[Directions]
The pictures stay out; all of the data is to be printed exactly.

[Source data]

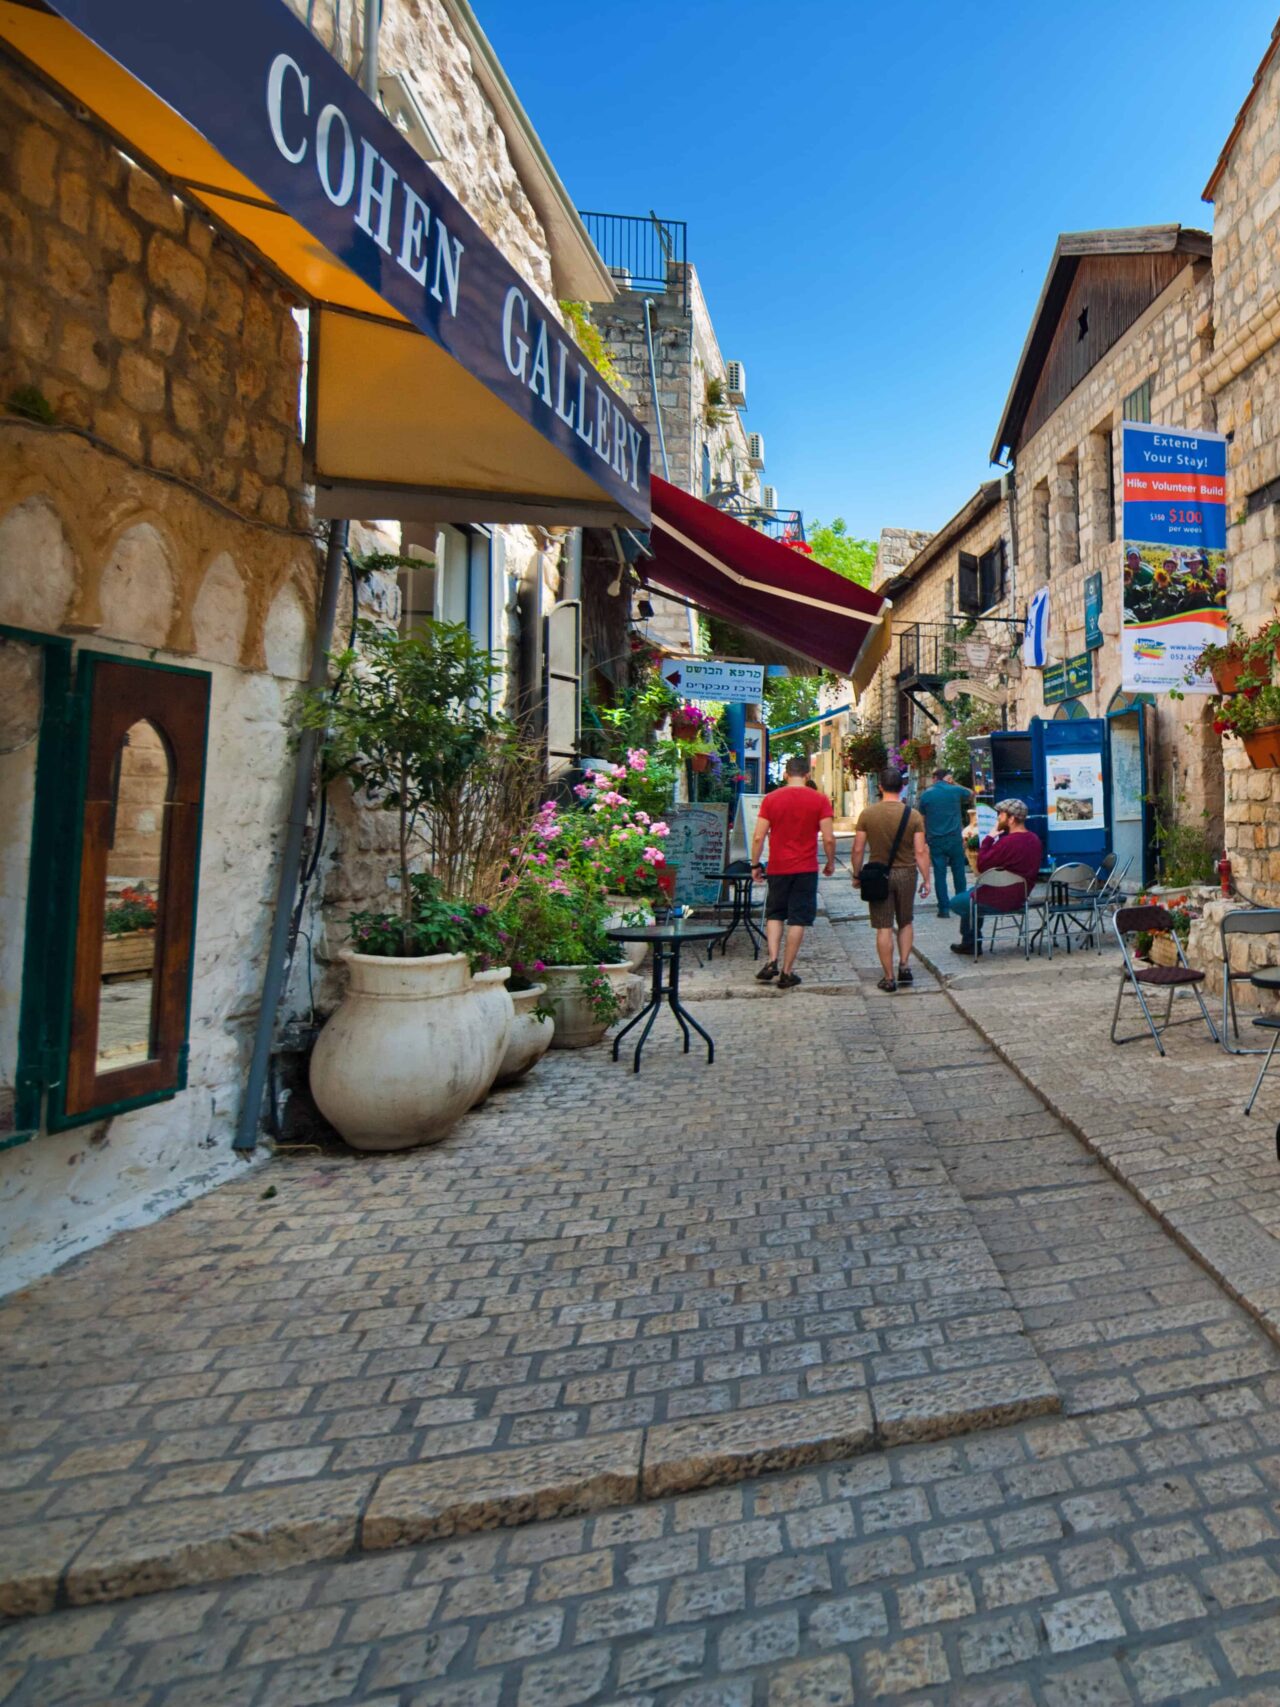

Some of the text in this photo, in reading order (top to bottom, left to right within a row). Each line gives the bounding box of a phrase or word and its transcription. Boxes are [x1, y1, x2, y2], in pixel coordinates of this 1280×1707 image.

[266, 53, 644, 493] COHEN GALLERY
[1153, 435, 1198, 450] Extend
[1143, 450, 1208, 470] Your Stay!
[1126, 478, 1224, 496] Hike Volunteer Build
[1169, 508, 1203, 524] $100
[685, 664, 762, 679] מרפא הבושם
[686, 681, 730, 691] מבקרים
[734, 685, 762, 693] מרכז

[Reply to the exercise]
Some of the text in this photo, in reading order (top to bottom, left to right within a row). Each line gives the bounding box of a phrase or word and its transcription. Boxes are [x1, y1, x2, y2], in pixel coordinates of this 1280×1707 image.

[266, 53, 644, 493] COHEN GALLERY
[1153, 435, 1198, 450] Extend
[1143, 450, 1208, 470] Your Stay!
[1126, 478, 1224, 496] Hike Volunteer Build
[1169, 508, 1203, 524] $100
[685, 664, 762, 679] מרפא הבושם
[686, 681, 730, 691] מבקרים
[734, 685, 762, 693] מרכז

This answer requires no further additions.